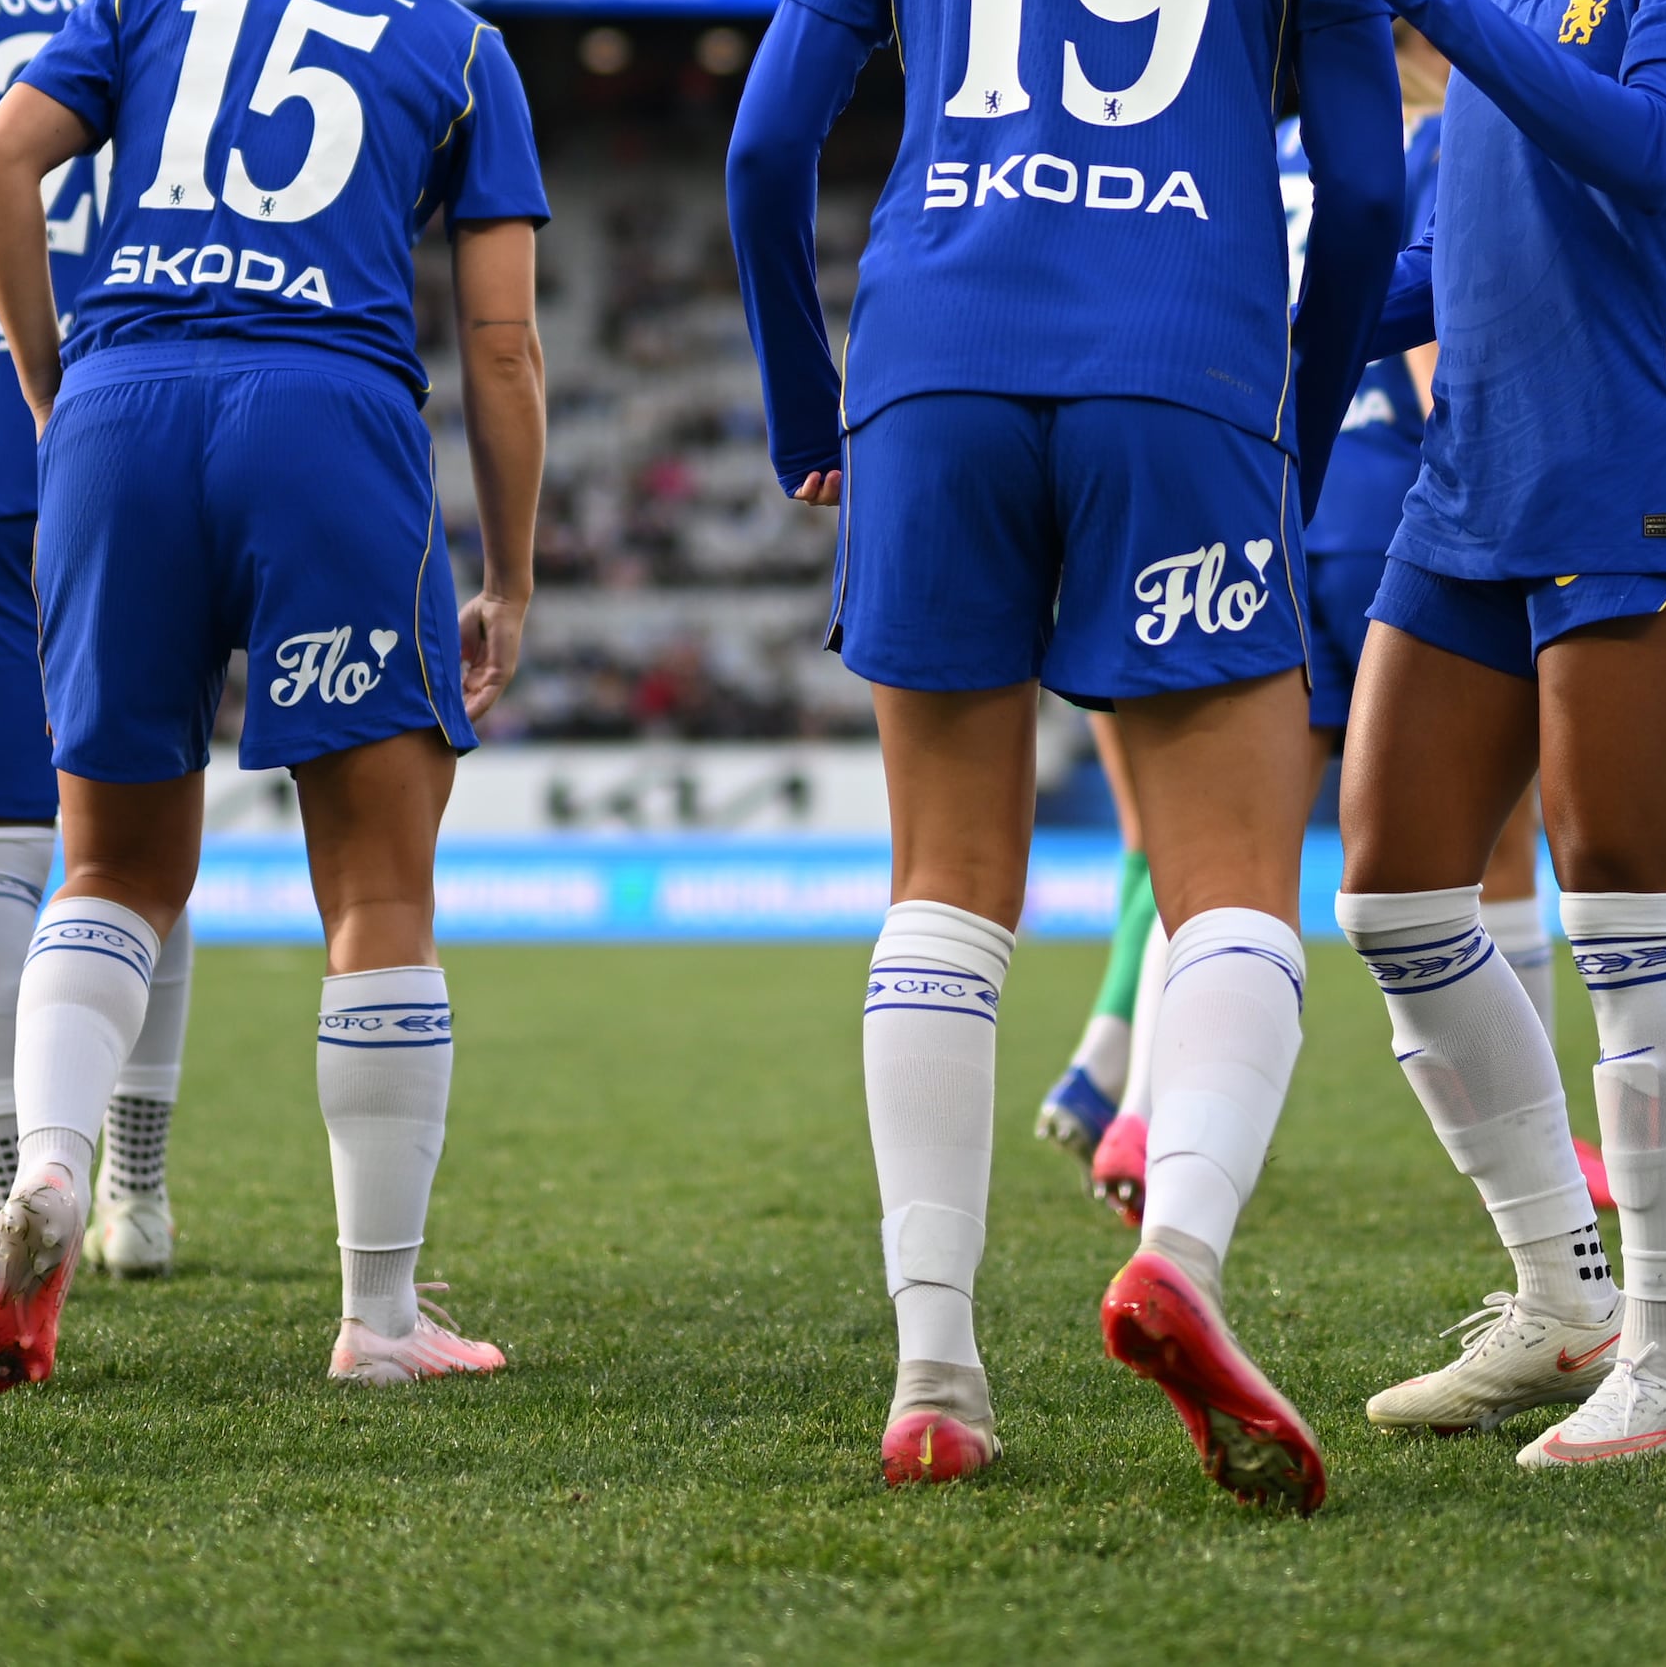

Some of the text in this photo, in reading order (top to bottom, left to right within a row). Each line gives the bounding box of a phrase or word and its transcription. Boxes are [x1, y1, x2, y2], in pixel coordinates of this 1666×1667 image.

[1134, 541, 1269, 646] Flo
[270, 625, 381, 708] Flo
[59, 927, 125, 948] CFC
[894, 979, 966, 998] CFC
[325, 1015, 383, 1031] CFC
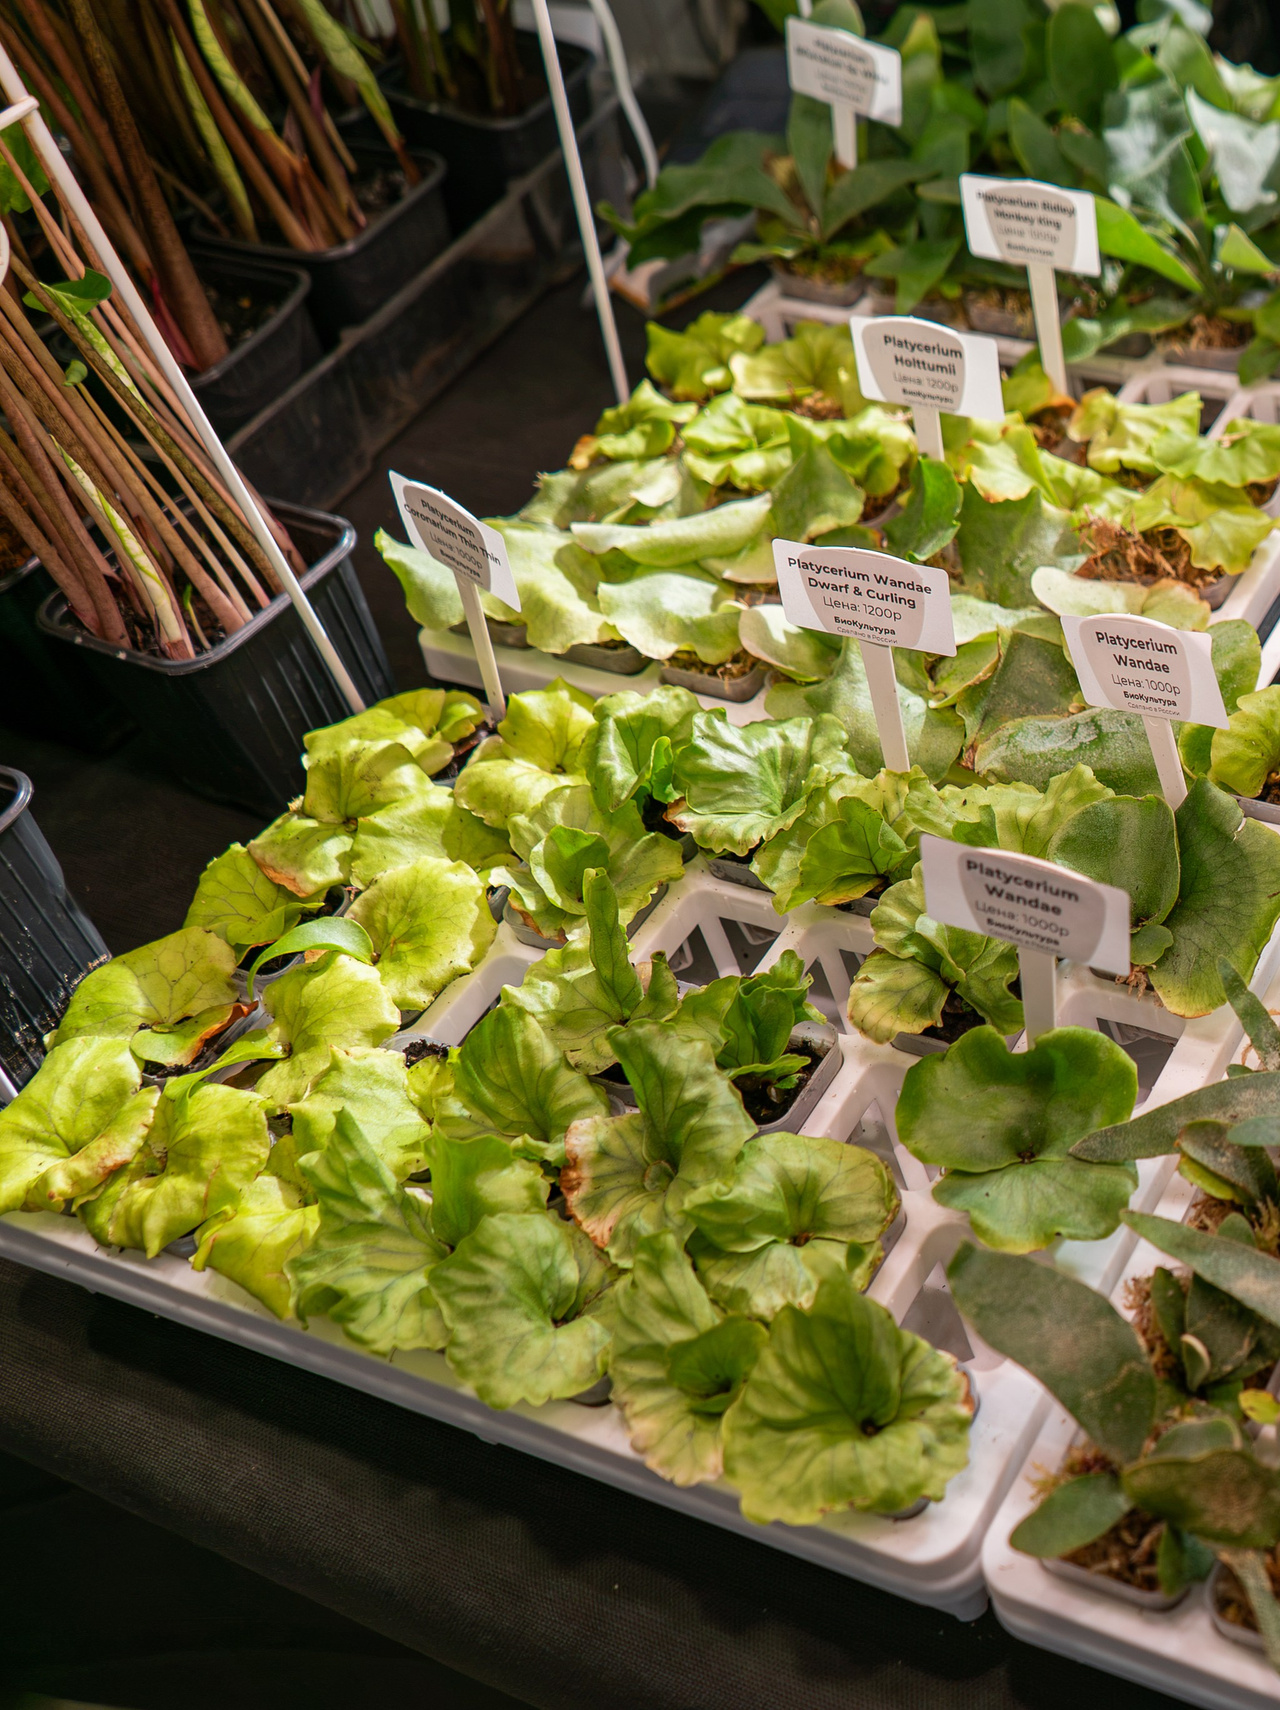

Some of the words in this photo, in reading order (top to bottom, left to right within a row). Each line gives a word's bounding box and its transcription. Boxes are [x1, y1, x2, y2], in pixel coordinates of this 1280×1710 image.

[883, 333, 962, 359] Platycerium
[894, 354, 956, 376] Holttumii
[421, 499, 475, 538] Platycerium
[404, 504, 457, 540] Coronarium
[458, 534, 479, 552] Thin
[480, 546, 501, 566] Thin
[787, 557, 870, 582] Platycerium
[873, 573, 932, 594] Wandae
[808, 577, 849, 594] Dwarf
[853, 586, 863, 597] &
[866, 589, 916, 609] Curling
[823, 595, 861, 612] Цена:
[863, 604, 902, 622] 1200р
[834, 616, 896, 636] БиоКультура
[1095, 631, 1178, 655] Platycerium
[1113, 653, 1170, 673] Wandae
[1111, 674, 1145, 689] Цена:
[1145, 678, 1181, 697] 1000р
[1123, 691, 1177, 707] БиоКультура
[966, 859, 1079, 902] Platycerium
[984, 883, 1062, 915] Wandae
[975, 900, 1019, 921] Цена:
[1022, 912, 1070, 937] 1000р
#####
**Task statement**: Would you print all of the entries exactly, omitting any image?

**Response area**:
Some of the text in this photo, in reading order (top to bottom, left to right within a row). Each line gives the bounding box of a phrase or word and its transcription. Boxes are [x1, y1, x2, y2], in pixel coordinates of this 1666×1667 image.

[1134, 541, 1269, 646] Flo
[270, 625, 381, 708] Flo
[59, 927, 125, 948] CFC
[894, 979, 966, 998] CFC
[325, 1015, 383, 1031] CFC

Some of the words in this photo, in reading order (top to bottom, left to right within a row). Each line gives a word's bounding box and its transcription. Boxes are [x1, y1, x2, y2], in pixel coordinates of this 1280×1710 image.

[883, 333, 962, 359] Platycerium
[894, 354, 956, 376] Holttumii
[421, 499, 475, 538] Platycerium
[404, 504, 457, 540] Coronarium
[458, 534, 479, 552] Thin
[480, 546, 501, 566] Thin
[787, 557, 870, 582] Platycerium
[873, 573, 932, 594] Wandae
[808, 577, 849, 594] Dwarf
[853, 586, 863, 597] &
[866, 589, 916, 609] Curling
[823, 595, 861, 612] Цена:
[863, 604, 902, 622] 1200р
[834, 616, 896, 636] БиоКультура
[1095, 631, 1178, 655] Platycerium
[1113, 653, 1170, 673] Wandae
[1111, 674, 1145, 689] Цена:
[1145, 678, 1181, 697] 1000р
[1123, 691, 1177, 707] БиоКультура
[966, 859, 1079, 902] Platycerium
[984, 883, 1062, 915] Wandae
[975, 900, 1019, 921] Цена:
[1022, 912, 1070, 937] 1000р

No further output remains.